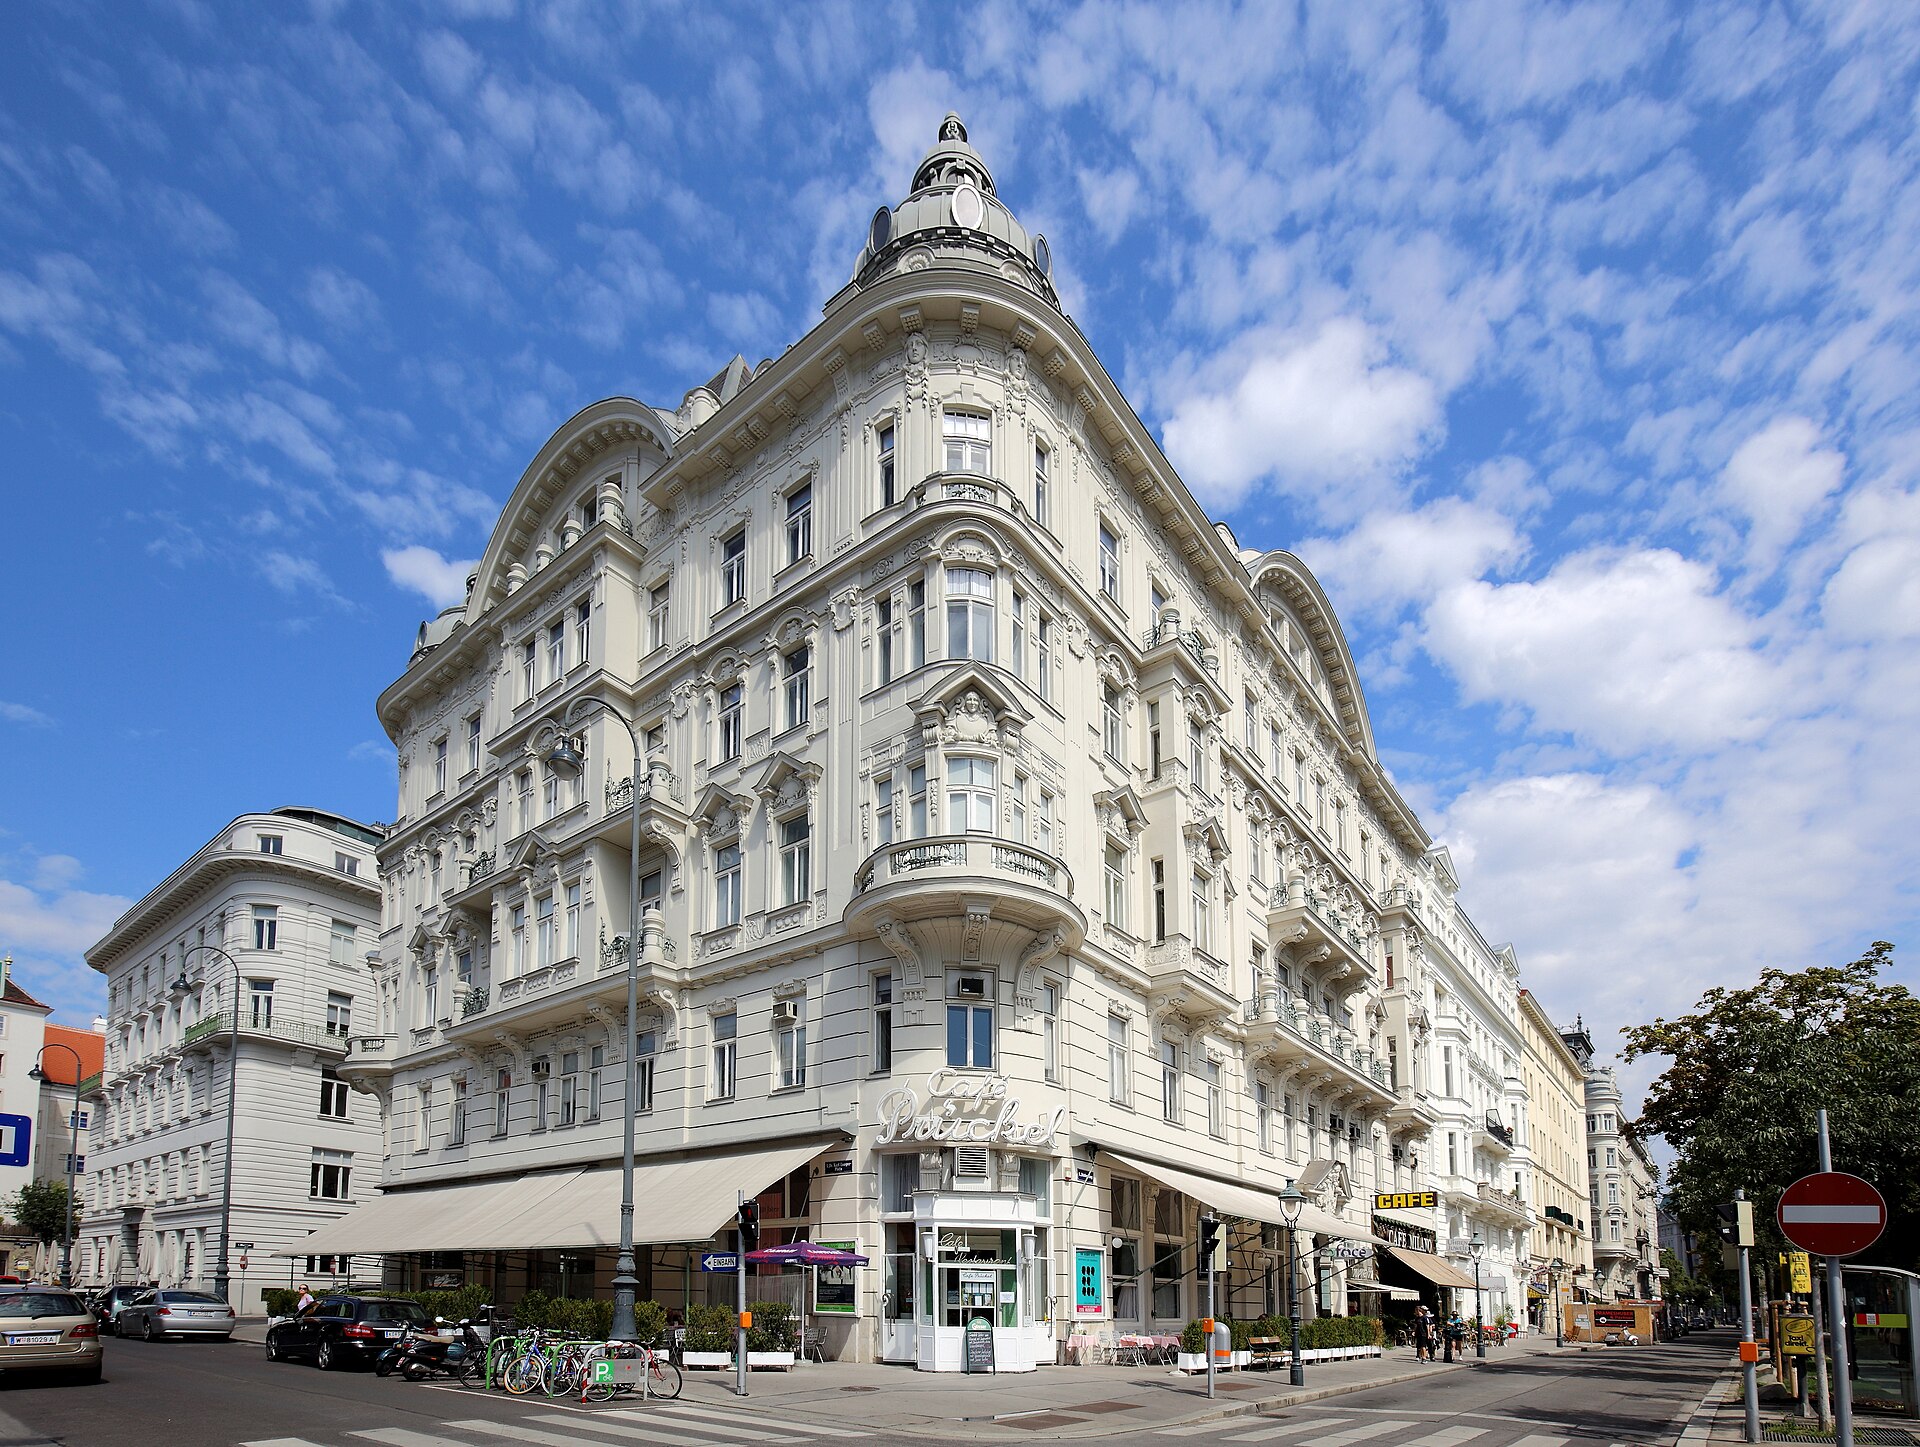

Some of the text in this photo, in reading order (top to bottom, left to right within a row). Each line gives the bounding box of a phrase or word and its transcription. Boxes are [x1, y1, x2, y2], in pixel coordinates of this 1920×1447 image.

[927, 1068, 1011, 1111] Café
[876, 1088, 1067, 1149] Prückel
[1377, 1192, 1435, 1209] CAFE
[1408, 1234, 1433, 1254] MILANO
[713, 1257, 736, 1267] EINBAHN
[595, 1363, 610, 1382] P
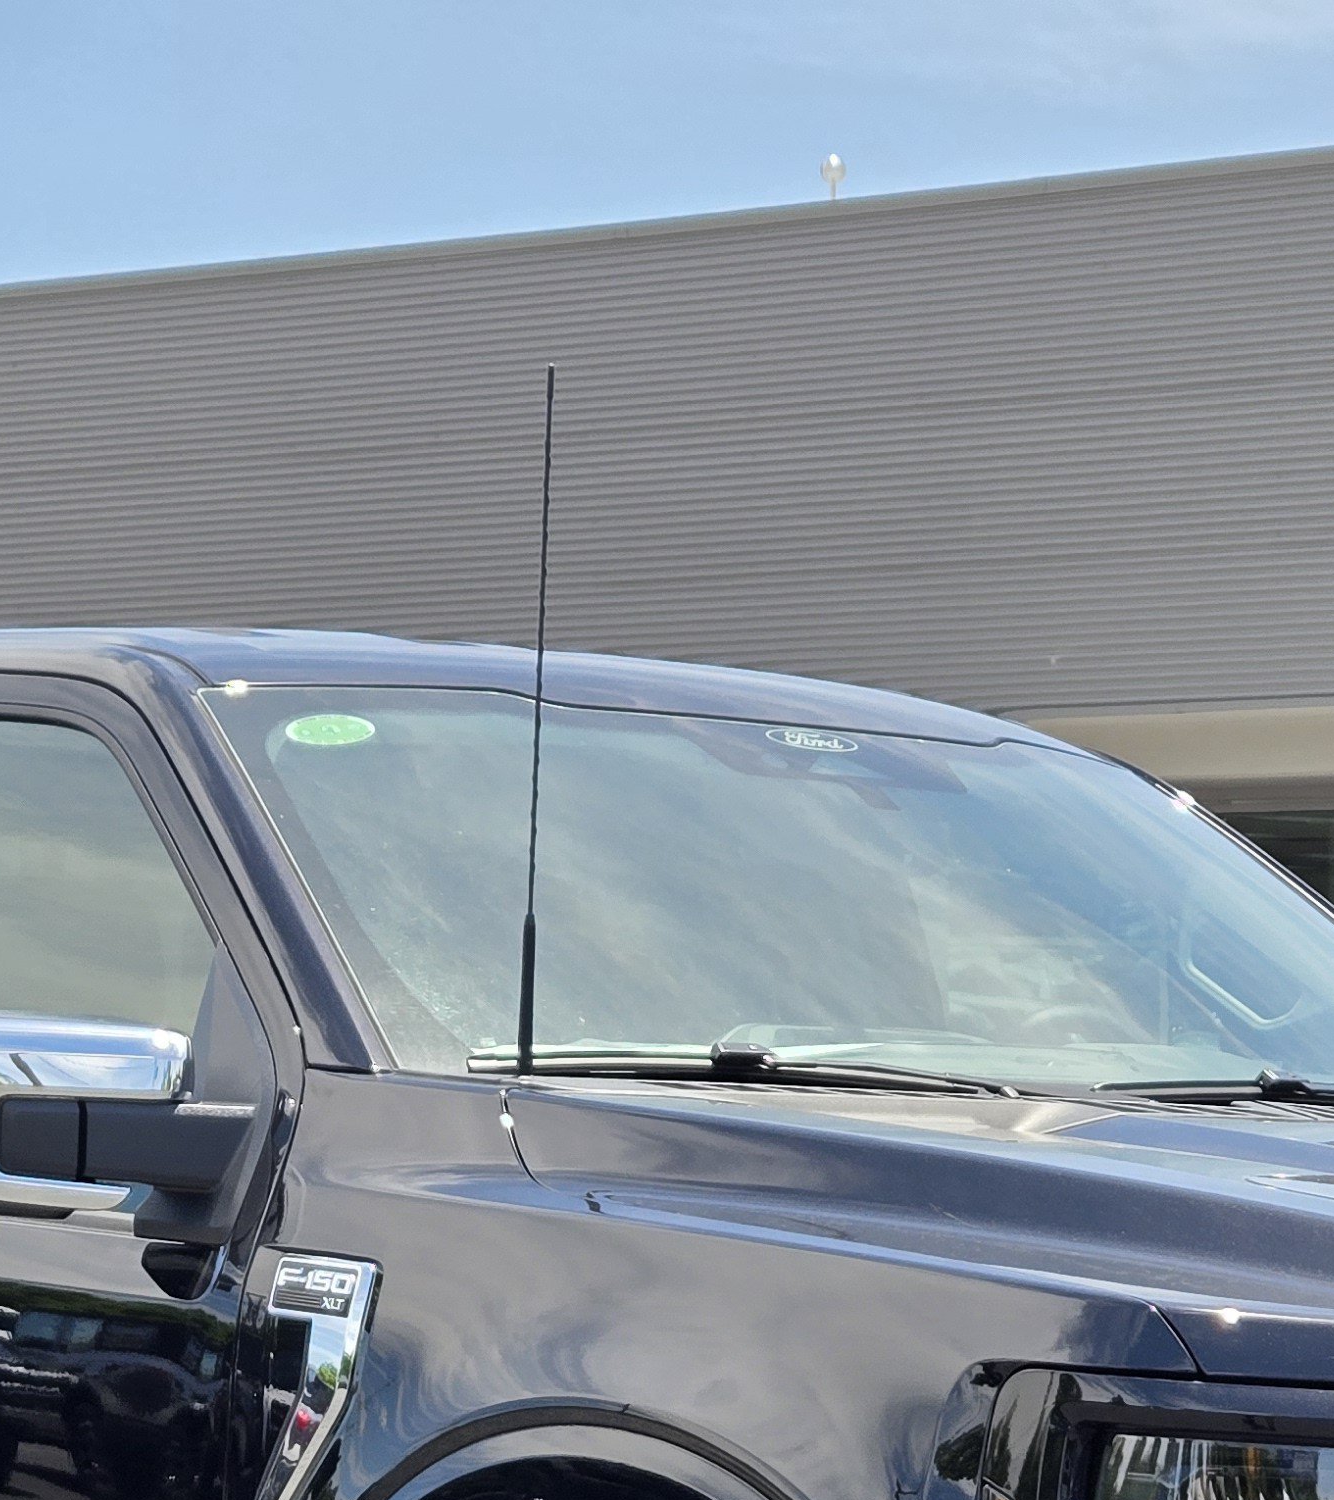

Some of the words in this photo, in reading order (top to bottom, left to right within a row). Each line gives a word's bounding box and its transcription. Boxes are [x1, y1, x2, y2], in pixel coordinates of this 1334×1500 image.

[783, 730, 844, 749] Ford
[277, 1266, 357, 1295] F-150
[320, 1296, 346, 1311] XLT
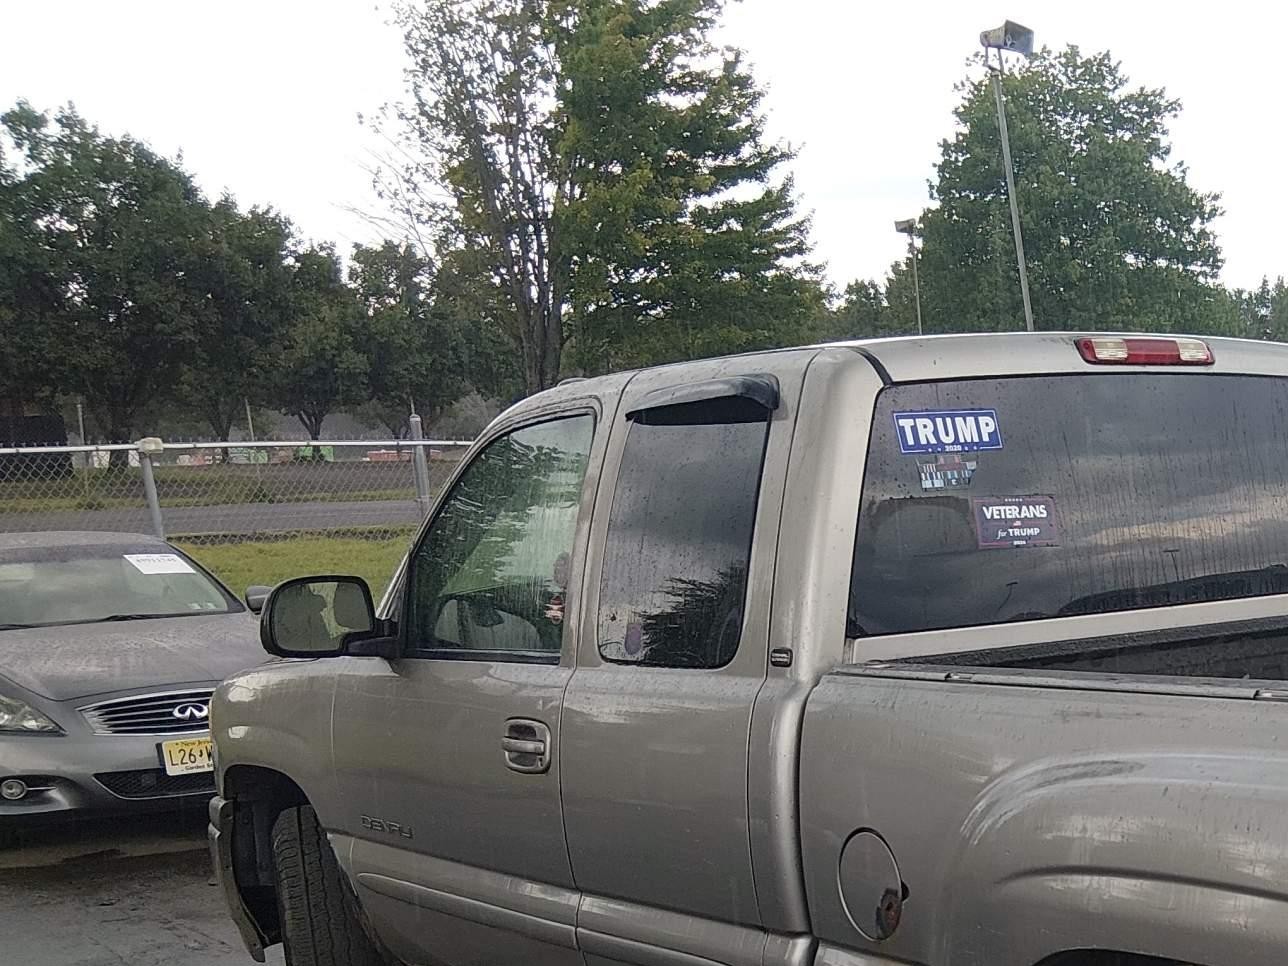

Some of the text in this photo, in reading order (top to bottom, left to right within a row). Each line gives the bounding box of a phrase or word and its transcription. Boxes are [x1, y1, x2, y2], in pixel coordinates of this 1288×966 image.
—————
Your copy of the entries must be exact and must contain no pictures.

RESULT OF THIS TASK
Some of the text in this photo, in reading order (top to bottom, left to right within a row). Each line gives the bounding box of a phrase or word and its transcription. Boxes are [x1, y1, x2, y2], in pixel coordinates of this 1920×1447 image.

[927, 1068, 1011, 1111] Café
[876, 1088, 1067, 1149] Prückel
[1377, 1192, 1435, 1209] CAFE
[1408, 1234, 1433, 1254] MILANO
[713, 1257, 736, 1267] EINBAHN
[595, 1363, 610, 1382] P

Some of the words in this photo, in reading order (top to bottom, left to right within a row). Each line gives a word's bounding box and its transcription. Boxes are [x1, y1, x2, y2], in pixel coordinates of this 1334×1500 image.

[783, 730, 844, 749] Ford
[277, 1266, 357, 1295] F-150
[320, 1296, 346, 1311] XLT

Some of the text in this photo, in reading order (top to bottom, left to right within a row). Each line gives the bounding box of a phrase or word and its transcription. Boxes are [x1, y1, x2, y2], in pixel coordinates of this 1288×966 image.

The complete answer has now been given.